O relator do projeto no Senado, Vital do Rêgo, já conversou com o presidente da Câmara e pediu para acelerar o processo. Rêgo teme o que chama de pressões externas – a marcha dos prefeitos – ou as manifestações articuladas pelo Rio de Janeiro. Aqui é importante esclarecer que cerca de 90% do petróleo nacional provêm, hoje, das águas profundas do produtivo litoral fluminense.
Prejuízos?
Uma das teses defendidas por Cabral é a de que a renda per capita do estado está na média nacional. Mais do que isso, o Rio de Janeiro tem a pior receita de evolução real do ICMS. Entre 1996 e 2010, enquanto a produção física da indústria de transformação cresceu em São Paulo, Minas Gerais e Brasil, respectivamente, 42%, 41%, e 36%, no estado esse índice foi de apenas 1%.
Esvaziado paulatinamente desde a transferência da capital para Brasília, entre 1995 e 2009 o emprego no Rio cresceu somente 43% contra uma taxa nacional de 73,5 %. Na Região Norte, a alta chegou a 145%, no Nordeste, 93%, no Sudeste (influenciado pelos baixos índices do Rio) 59%, no Sul, 73%, e no Centro Oeste, bateu os 110% no período.
O comércio varejista, mais precisamente no desempenho dos supermercados, é outro índice impressionante. Enquanto cresciam 48% no Brasil, 55 % em São Paulo, 60% em Minas, e por aí, no estado do Rio o avanço ficou em esquálidos 18%.
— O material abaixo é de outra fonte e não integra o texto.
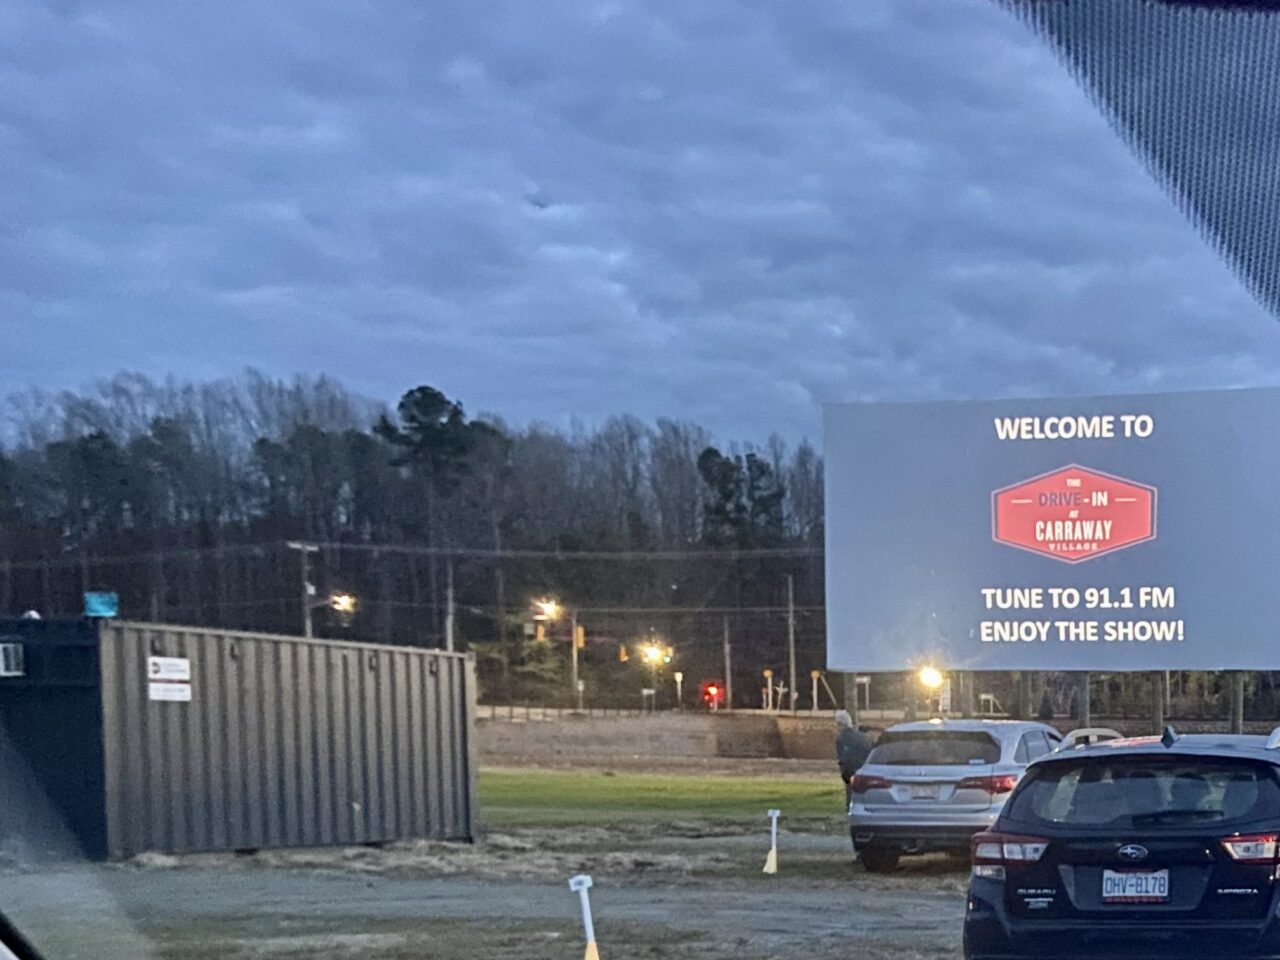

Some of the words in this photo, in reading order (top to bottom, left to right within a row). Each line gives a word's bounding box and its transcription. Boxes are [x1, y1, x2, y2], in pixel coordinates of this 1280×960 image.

Técnicos da atual gestão do governo fluminense foram obrigados a fazer uma reestruturação da área fazendária, degradada desde 1995. Isso explicaria, por exemplo, porque o ICMS entre 1999 e 2006 teve aumentos percentuais igualmente baixos.
Enquanto na media nacional o ICMS tinha alta de 32%, 50% no Centro-Oeste e 66% no Espírito Santo, no Rio de Janeiro o crescimento registrado era de apenas 7%. Ou seja, o estado passou a se aproximar da trajetória nacional somente em um período recente, coincidindo com os governos Lula.
Deveríamos ainda levar em conta que mesmo somando os royalties e as chamadas “participações especiais”, o Rio não tem, em média, uma carga tributária elevada. Ela é inferior a de grande parte dos demais estados brasileiros.
Na avaliação dos representantes dos estados “produtores”, a perda estimada para estes estados com a proposta de Vital do Rego/Wellington Dias é de 3,6 bilhões de reais já no próximo ano. Um exagero?
Pode ser, assim como podem ser exageradas as previsões sobre o dinheiro que o pré-sal vai trazer à tona. Afinal, todas as especulações ainda estão no fundo do mar.
* Publicado originalmente no site da revista Carta Capital.